» **ABOUT THIS EXERCISE**: Would you copy the entries that follow exactly, leaving out every picture?

Phrase grounding data
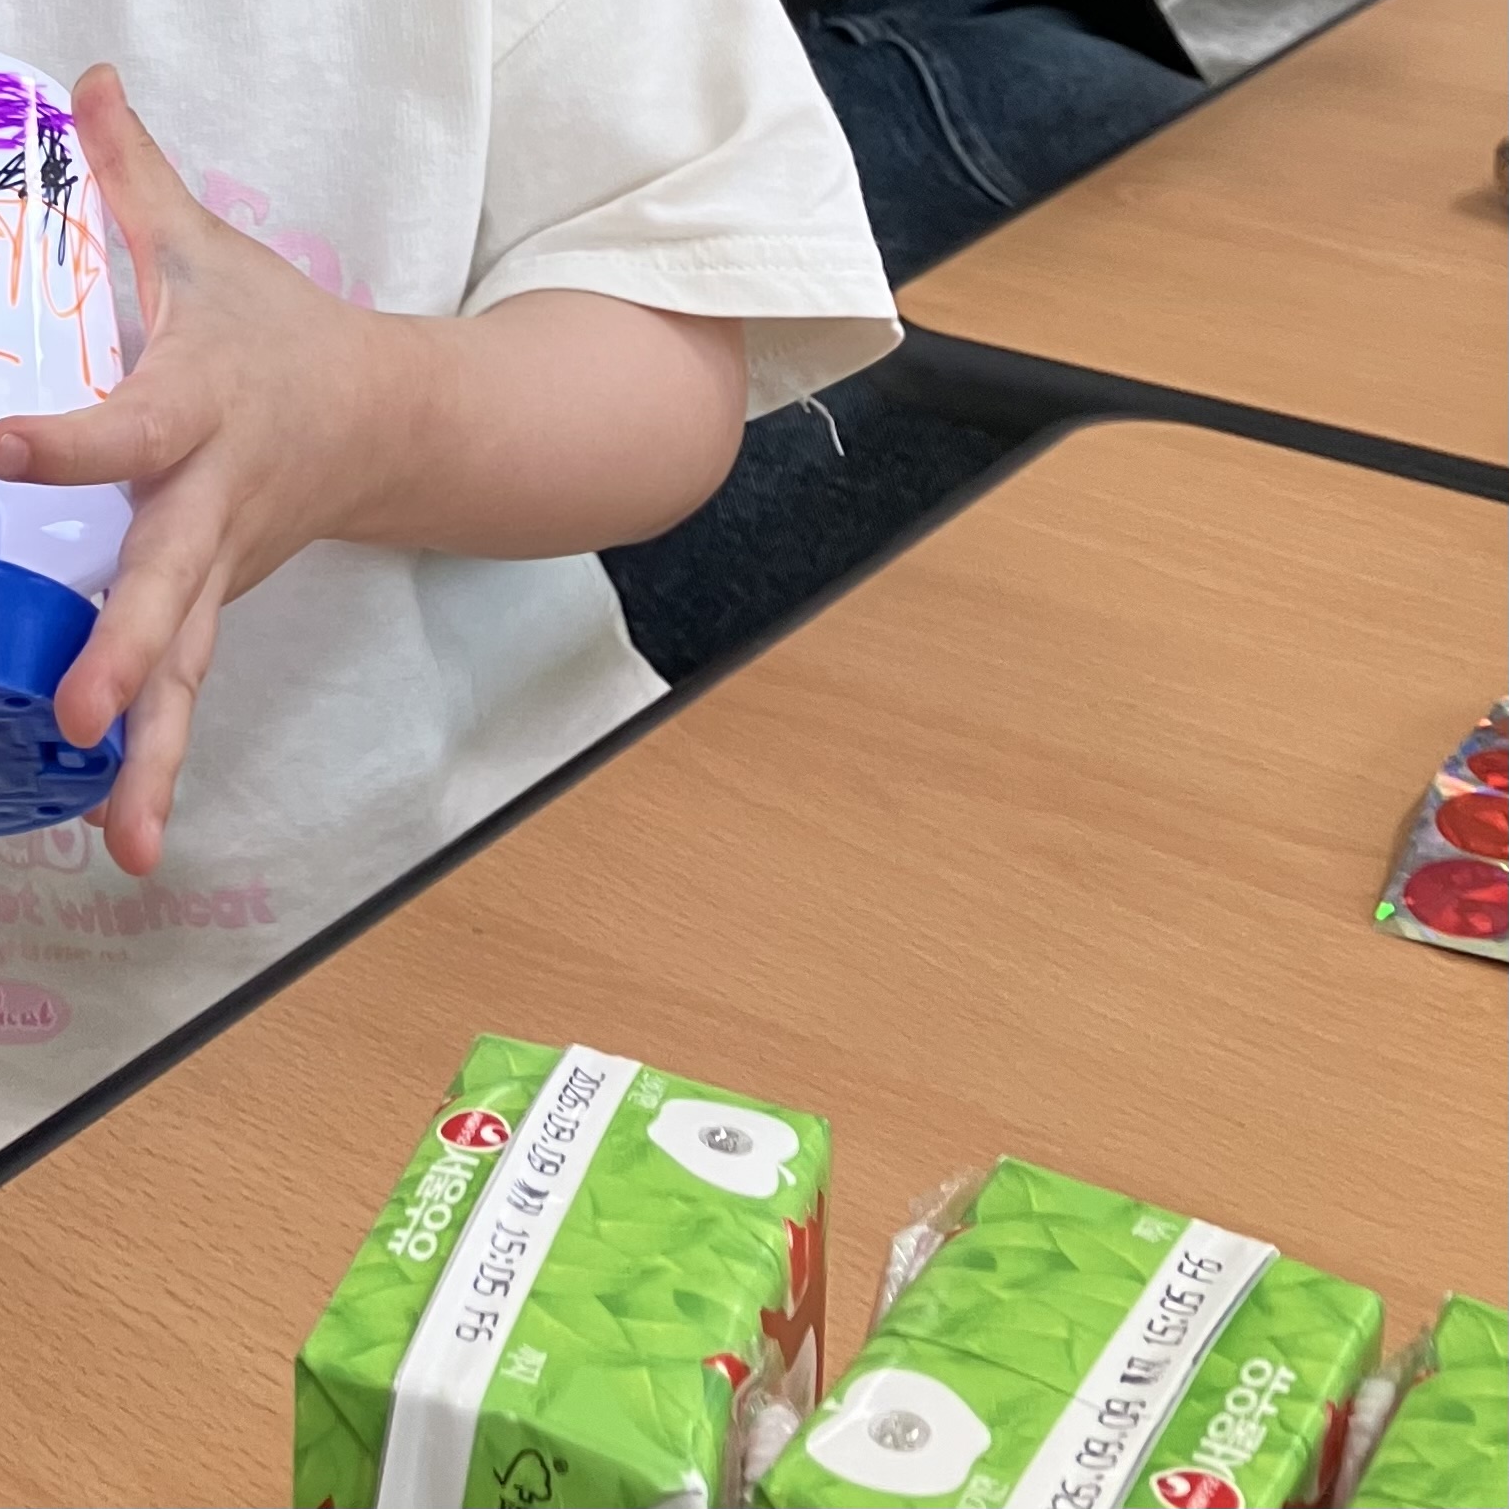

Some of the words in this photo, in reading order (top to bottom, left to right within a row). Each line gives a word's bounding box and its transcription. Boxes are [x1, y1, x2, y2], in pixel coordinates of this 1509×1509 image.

[52, 882, 277, 937] wishcat
[527, 1066, 606, 1176] 2026.09.09
[387, 1144, 481, 1263] 서울우유
[473, 1218, 530, 1298] 15:05
[1143, 1283, 1205, 1347] 15:05
[1177, 1250, 1222, 1285] F6
[455, 1305, 499, 1342] F6
[1192, 1357, 1297, 1482] 서울우유

» **OUTPUT FOR THIS TASK**:
Some of the words in this photo, in reading order (top to bottom, left to right within a row). Each line gives a word's bounding box and its transcription. Boxes are [x1, y1, x2, y2], in pixel coordinates of this 1509×1509 image.

[52, 882, 277, 937] wishcat
[527, 1066, 606, 1176] 2026.09.09
[387, 1144, 481, 1263] 서울우유
[473, 1218, 530, 1298] 15:05
[1143, 1283, 1205, 1347] 15:05
[1177, 1250, 1222, 1285] F6
[455, 1305, 499, 1342] F6
[1192, 1357, 1297, 1482] 서울우유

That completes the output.